***** MATERIAL SUPPLIED

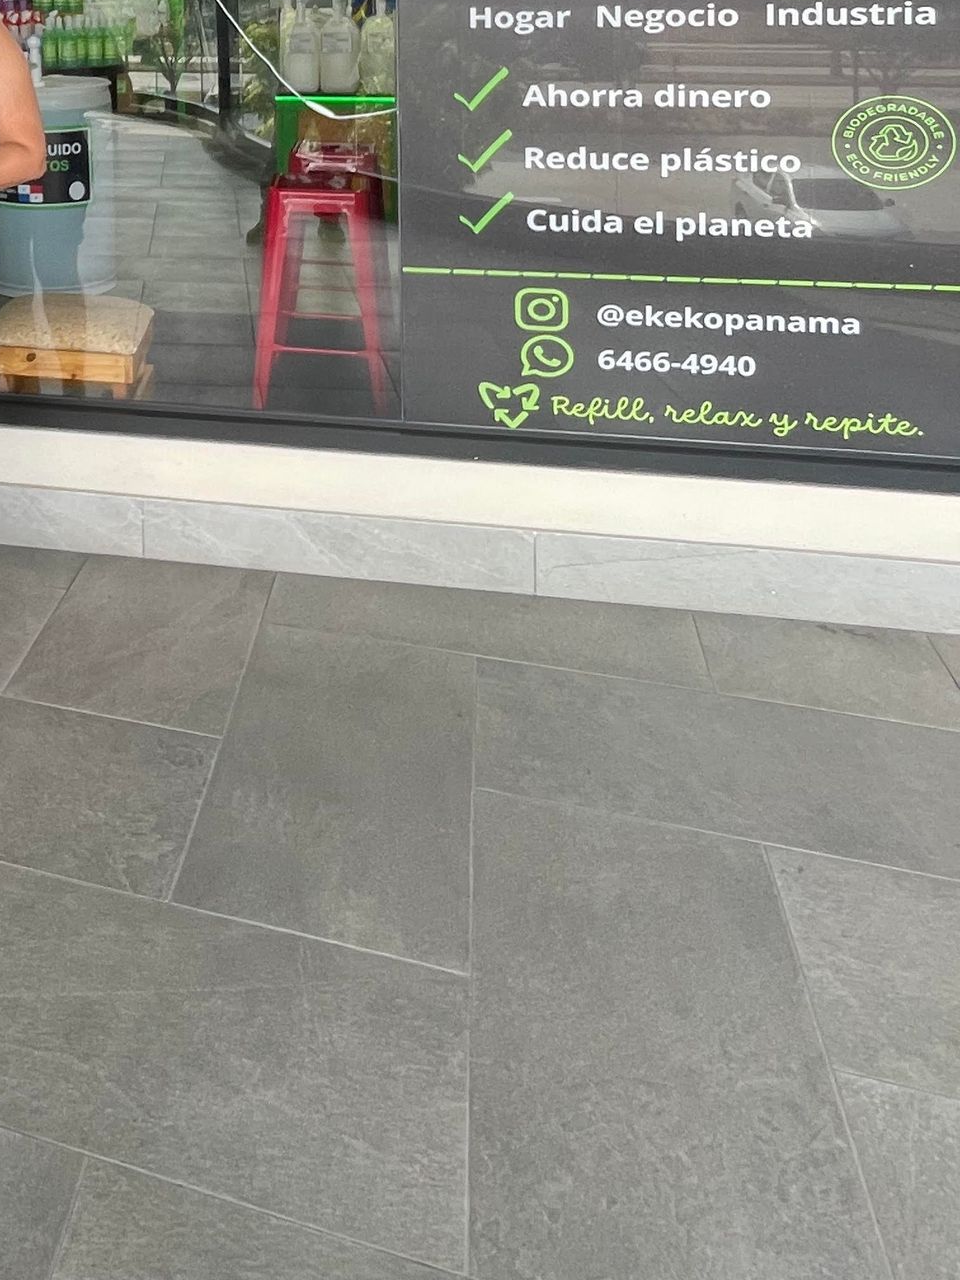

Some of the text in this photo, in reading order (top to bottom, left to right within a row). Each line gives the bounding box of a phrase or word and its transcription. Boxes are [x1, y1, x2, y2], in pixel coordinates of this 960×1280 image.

[469, 0, 937, 34] Hogar Negocio Industria
[522, 83, 771, 109] Ahorra dinero
[843, 103, 945, 140] BIODEGRADABLE
[45, 142, 82, 156] UIDO
[523, 146, 802, 178] Reduce plástico
[846, 153, 940, 181] ECO FRIENDLY
[526, 208, 814, 241] Cuida el planeta
[596, 303, 861, 336] @ekekopanama
[597, 350, 756, 377] 6466-4940
[551, 394, 924, 439] Refill, relax y repite.
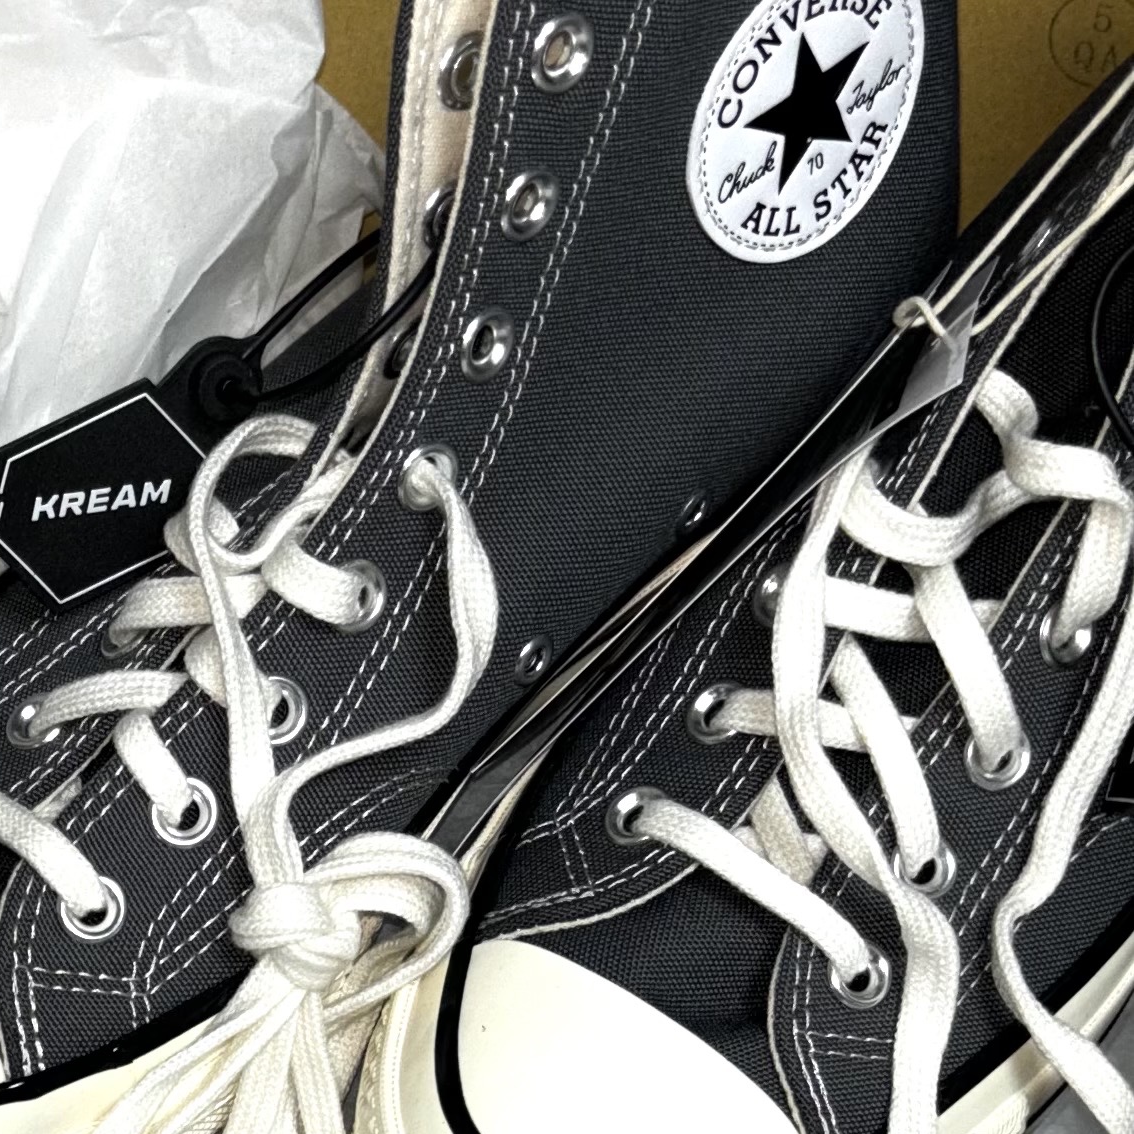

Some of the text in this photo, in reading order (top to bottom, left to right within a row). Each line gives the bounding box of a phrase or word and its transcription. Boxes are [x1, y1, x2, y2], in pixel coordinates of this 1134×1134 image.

[846, 58, 906, 115] Taylor
[718, 141, 778, 204] Chuck
[741, 121, 889, 237] ALL STAR
[807, 152, 825, 176] 70
[31, 478, 172, 522] KREAM

**********

* **WORK INSTRUCTION**:
The answer should contain all the material above, copied exactly, and no images.

* **SOLVED EXERCISE**:
Some of the text in this photo, in reading order (top to bottom, left to right within a row). Each line gives the bounding box of a phrase or word and its transcription. Boxes are [x1, y1, x2, y2], in pixel coordinates of this 960×1280 image.

[469, 0, 937, 34] Hogar Negocio Industria
[522, 83, 771, 109] Ahorra dinero
[843, 103, 945, 140] BIODEGRADABLE
[45, 142, 82, 156] UIDO
[523, 146, 802, 178] Reduce plástico
[846, 153, 940, 181] ECO FRIENDLY
[526, 208, 814, 241] Cuida el planeta
[596, 303, 861, 336] @ekekopanama
[597, 350, 756, 377] 6466-4940
[551, 394, 924, 439] Refill, relax y repite.

Some of the text in this photo, in reading order (top to bottom, left to right within a row). Each line gives the bounding box of a phrase or word and its transcription. Boxes are [x1, y1, x2, y2], in pixel coordinates of this 1134×1134 image.

[846, 58, 906, 115] Taylor
[718, 141, 778, 204] Chuck
[741, 121, 889, 237] ALL STAR
[807, 152, 825, 176] 70
[31, 478, 172, 522] KREAM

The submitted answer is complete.